Line 137, from the western blot of Fig.2E, the effect of AGE on the translocation of PKCδ is not obvious. Total PKCδ is missing.

 

Line 119, based on the result shown in this section, the author didn’t really prove the inhibitory effect DATS on apoptosis is mediated through blocking PKCδ. Hence, “Inhibitory effect of DATS on AGE-induced cardiac PKCδ-dependent apoptosis” might not be appropriate.

 

 

Concerning the signaling experiments, one could wonder whether there are other pathways involved. For example, is PI3K also affected? Or is the phosphorylation of BAD regulated under DATS treatment? This could help better understand and deciphering the molecular mechanisms.

 

Overall, thanks to the in vivo experiments, the results are more convincing, but it would be even better to explore other phenotypes to further support the effects of DATS in diabetic hearts.

 

Reviewer 2 Report

Abstract. Please rewrite.

Lines 29-30. Please delete the information not relevant to this study.

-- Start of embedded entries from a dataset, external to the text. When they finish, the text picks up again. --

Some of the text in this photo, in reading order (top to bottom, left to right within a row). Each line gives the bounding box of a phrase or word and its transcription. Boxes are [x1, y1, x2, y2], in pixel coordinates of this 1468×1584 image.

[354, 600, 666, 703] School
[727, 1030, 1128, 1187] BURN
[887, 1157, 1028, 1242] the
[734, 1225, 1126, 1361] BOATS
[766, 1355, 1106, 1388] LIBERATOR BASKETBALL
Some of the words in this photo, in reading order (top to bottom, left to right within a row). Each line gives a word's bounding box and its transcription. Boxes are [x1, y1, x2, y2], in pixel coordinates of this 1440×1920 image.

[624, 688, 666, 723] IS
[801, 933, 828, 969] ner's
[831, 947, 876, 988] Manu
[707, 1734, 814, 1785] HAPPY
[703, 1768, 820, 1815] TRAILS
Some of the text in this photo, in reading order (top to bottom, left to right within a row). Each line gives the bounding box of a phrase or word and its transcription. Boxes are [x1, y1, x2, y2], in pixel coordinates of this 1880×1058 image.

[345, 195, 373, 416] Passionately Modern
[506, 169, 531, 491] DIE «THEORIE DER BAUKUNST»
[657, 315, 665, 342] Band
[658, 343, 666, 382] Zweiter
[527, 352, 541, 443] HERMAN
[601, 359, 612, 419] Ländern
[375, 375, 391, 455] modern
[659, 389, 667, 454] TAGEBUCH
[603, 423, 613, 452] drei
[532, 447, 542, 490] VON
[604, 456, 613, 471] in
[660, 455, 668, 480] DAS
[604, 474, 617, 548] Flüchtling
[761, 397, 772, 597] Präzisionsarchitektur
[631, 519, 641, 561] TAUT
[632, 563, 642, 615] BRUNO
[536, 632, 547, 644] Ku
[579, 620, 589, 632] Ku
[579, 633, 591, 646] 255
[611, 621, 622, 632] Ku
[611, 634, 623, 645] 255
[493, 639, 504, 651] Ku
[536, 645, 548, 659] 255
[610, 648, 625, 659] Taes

Line 29, 31. Please explain the abbreviations in the first time they appear in the text.

Please give the information about experimental models used, number of animals, parameters studied, results obtained.

Introduction.

According to the present form of view “…diabetic cardiomyopathy is defined by the existence of abnormal myocardial structure and performance in the absence of other cardiac risk factors, such as coronary artery disease, hypertension, and significant valvular disease, in individuals with diabetes mellitus” [Borghetti G, von Lewinski D, Eaton DM, Sourij H, Houser SR, Wallner M. Diabetic Cardiomyopathy: Current and Future Therapies. Beyond Glycemic Control. Front Physiol. 2018;9:1514. doi:10.3389/fphys.2018.01514]. With that, the meaning of several sentences is not clear.

 

Line 52.  Please rewrite the sentences of give the reference where the ROS formation is referred as a cause of diabetic cardiomyopathy. To my own opinion, the mechanisms that lead to its development are more complicated.

Line 53-56. Probably, it is not correct to make such assumptions from the results of own experimental work.

Line 56-57. Please rewrite. 

Results.

Line 103. Please make the title as a correct sentence.

Line 105-106. Please delete the information not relevant to this part of the manuscript or move it.

Line 119. Please make the title as a correct sentence.

Figure 6. Please add the scale bars and the description.

Discussion

Line 222-223. The sentence is very contradictory.
Line 224-225. Please rewrite.

Line 225-226 “has been proven that 225 aging can cause chronic development of hyperglycemia” please add the reference.

Line 247. “Apoptosis can be divided into intrinsic and extrinsic pathways”. Apoptosis could not be divided. It could be initiated….please rewrite.

Line 248-249. Please give the reference.

Line 284-285. While there is no data about the induction of cardiomyopathy, the conclusion should be rewritten.

Line 363. Animal and treatment protocol.

Please give information about number of animals. Please explain and give the information how the diabetic cardiomyopathy was diagnosed and what was its prevalence. Please give the information, how the end-point of the experiment (16 day) was established.